Slide Show - Images (mostly) from The Illustrated History of Painting

CLICK ON IMAGE FOR LARGER FORMAT SLIDE SHOW

Friday, January 1, 2016








New Years Eve

When I was still drinking I didn't, as a rule, go out on New Years Eve. My friends and I, who were all 'career drinkers', referred  to New Years Eve as amateur night. We didn't ,of course, cease our chronic, chemically-assisted, drinking on New Years Eve - we simply stocked-up and stayed home. 

Shortly after moving to New Zealand, while still married, with a young child (Enzo, probably 2 years old at the time), we undertook a motor-home Tiki tour of the north island. We ended up, on New Years Eve day, at Glink's Gully, an ocean-side campsite near Dargaville. In the daytime it was delightfully sunny, the seemingly endless beach a natural marvel, and our campsite neighbors friendly and reasonably sane.

That evening an entire campsite of average looking, mostly middle-aged, middle-class, white-folk got simply blotto and ran amok.
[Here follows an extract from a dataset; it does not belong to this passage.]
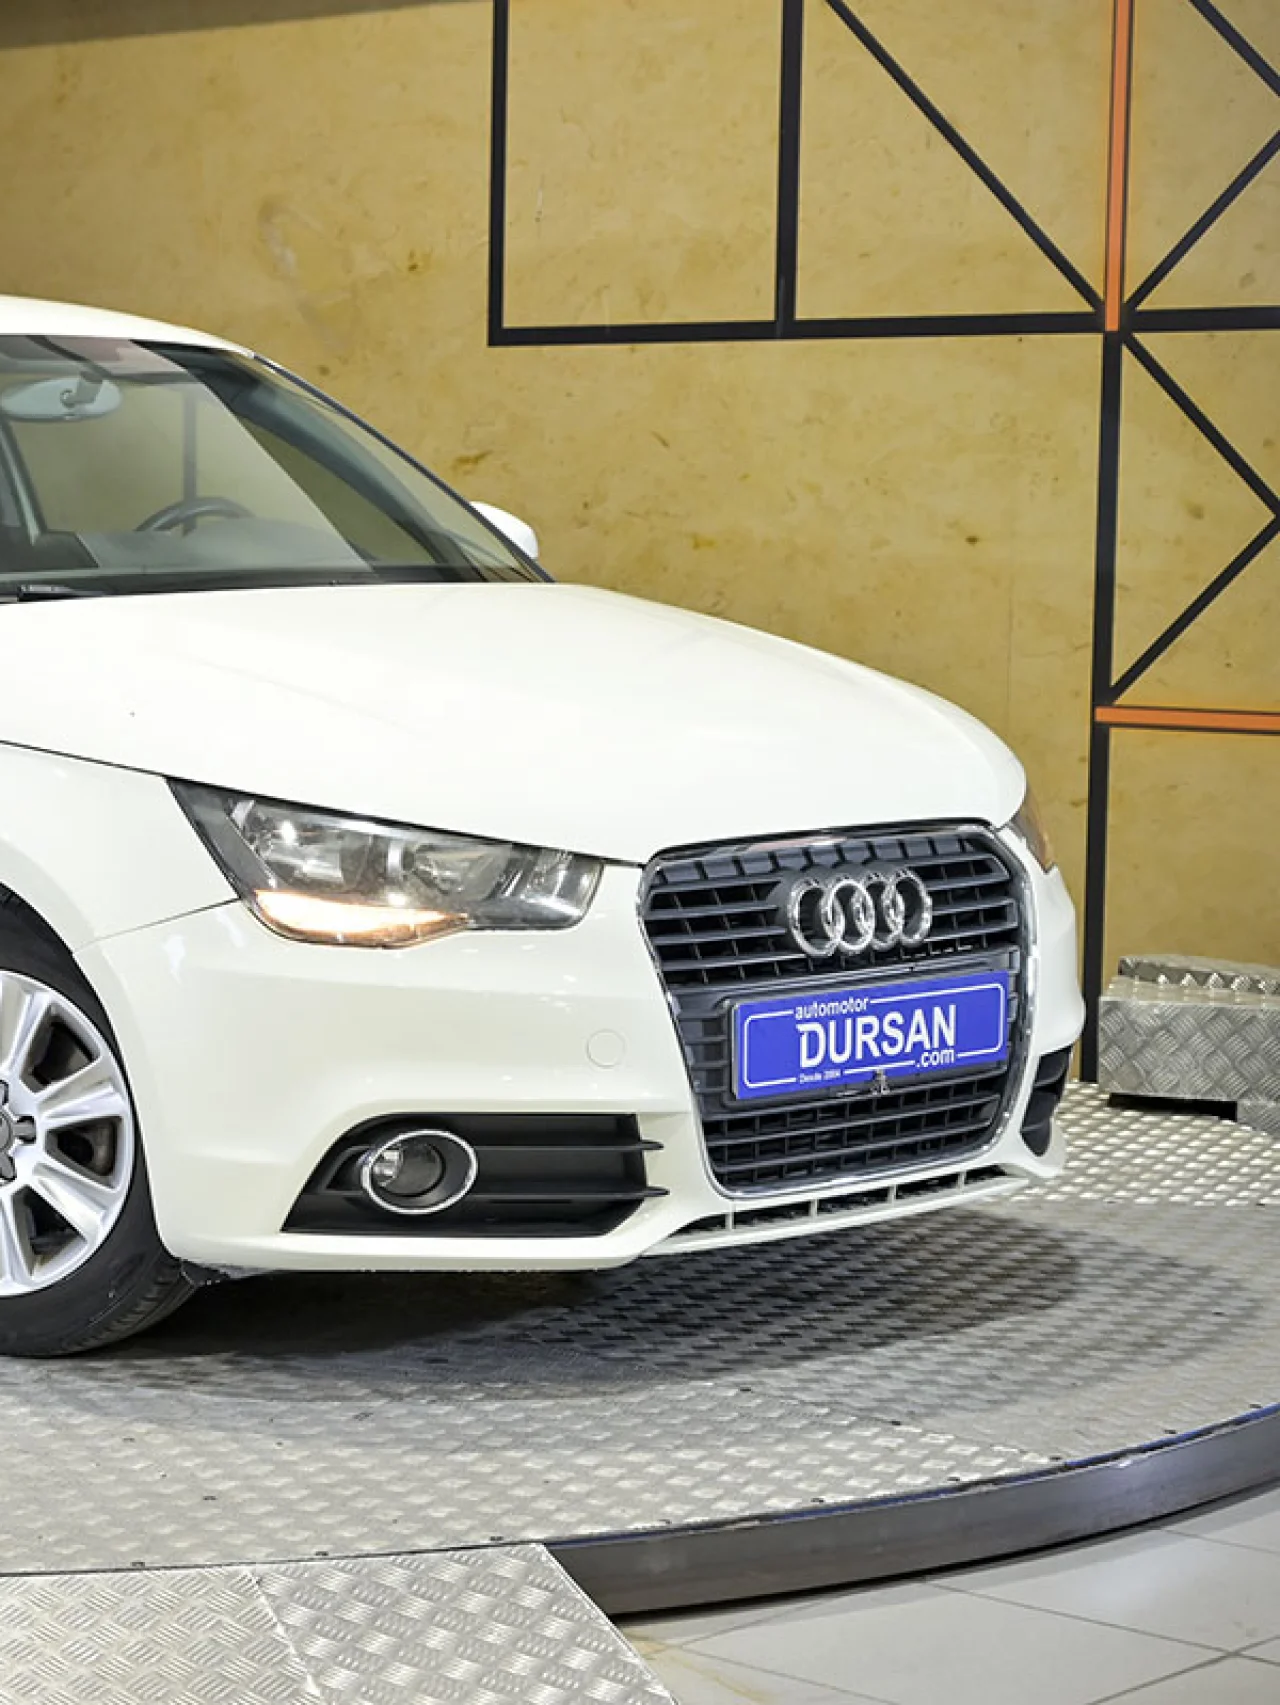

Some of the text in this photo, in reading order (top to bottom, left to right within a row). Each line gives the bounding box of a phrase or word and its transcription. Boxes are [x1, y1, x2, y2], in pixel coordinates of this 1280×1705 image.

[795, 997, 869, 1020] automotor
[796, 1004, 956, 1068] DURSAN
[915, 1049, 955, 1068] .com
While their children scurried about the night, unsupervised. Amok, there's simply no other way to put it. Add, to the veneer-delaminating George Romero-like scenario, a musically monstrous, ear-bleedingly-loud, Jimmy Barnes-on-bad-acid-style band ... churning out one banal cover-song after another - some time before midnight - (with our two year old wailing in pure terror, at the sonic assault) factor in the sound of a military-sized copter landing very close by where we trying to, hopelessly, get the kid to sleep. 

Apocalypse Then. 

Mid morning of the next day (or early-afternoon, rather) those who'd managed to come-to were slumped on chairs and chilly bins .... staring dumbly at the destroyed turf between their jandals. Slowly the night's full story (and the reason for the copter landing) emerged in pained, embarrassing, croaks from our crushingly hungover camp-mates.

It seems one young girl had been all but cut in half, another seriously broken, by a drunken, speeding, dirt biker - ripping heedlessly down the beach in pitch-darkness. Two mid-teen girlfriends, lying on their backs, gazing up at the wealth of stars in a moonless sky - both of them leaving, one near death, in the medi-vac copter we'd heard landing and taking off. 

I found myself comforting the dead girl's inconsolable grandfather (known as 'the Mayor of Glink's Gully) as his own family&friends cohort were yet too traumatized or wolly-headed to provide an ear. He'd had a beer or two, the night before, took off his hearing aids and gone to bed - waking in the morning to the night's tragedy. 

All of the campgrounds we stayed at during our travels that summer were to a lesser degree (of course) similarly Janus-faced. In the daytime folks fished, swam, played volleyball and ate together in some semblance of normality - but at night, any night, most bets were off. Nothing arose to challenge the level of middle-class-white horror we had on New Years night ... but various degrees of ungoverned, ethanol-induced chaos ruled kiwi campgrounds, come sundown, on any given night. 

This is not a reproach, or cautionary tale - it's nothing more than a first person account.

Although I wasn't drinking then, and abstain to this day, I continue my habit of staying home on New years Eve. 

Humanity is barely sufferable when both they, and I, aren't in the bag. So, as I write, it's roughly 11:13PM and here I sit, waiting for the signaling fireworks outside to resound.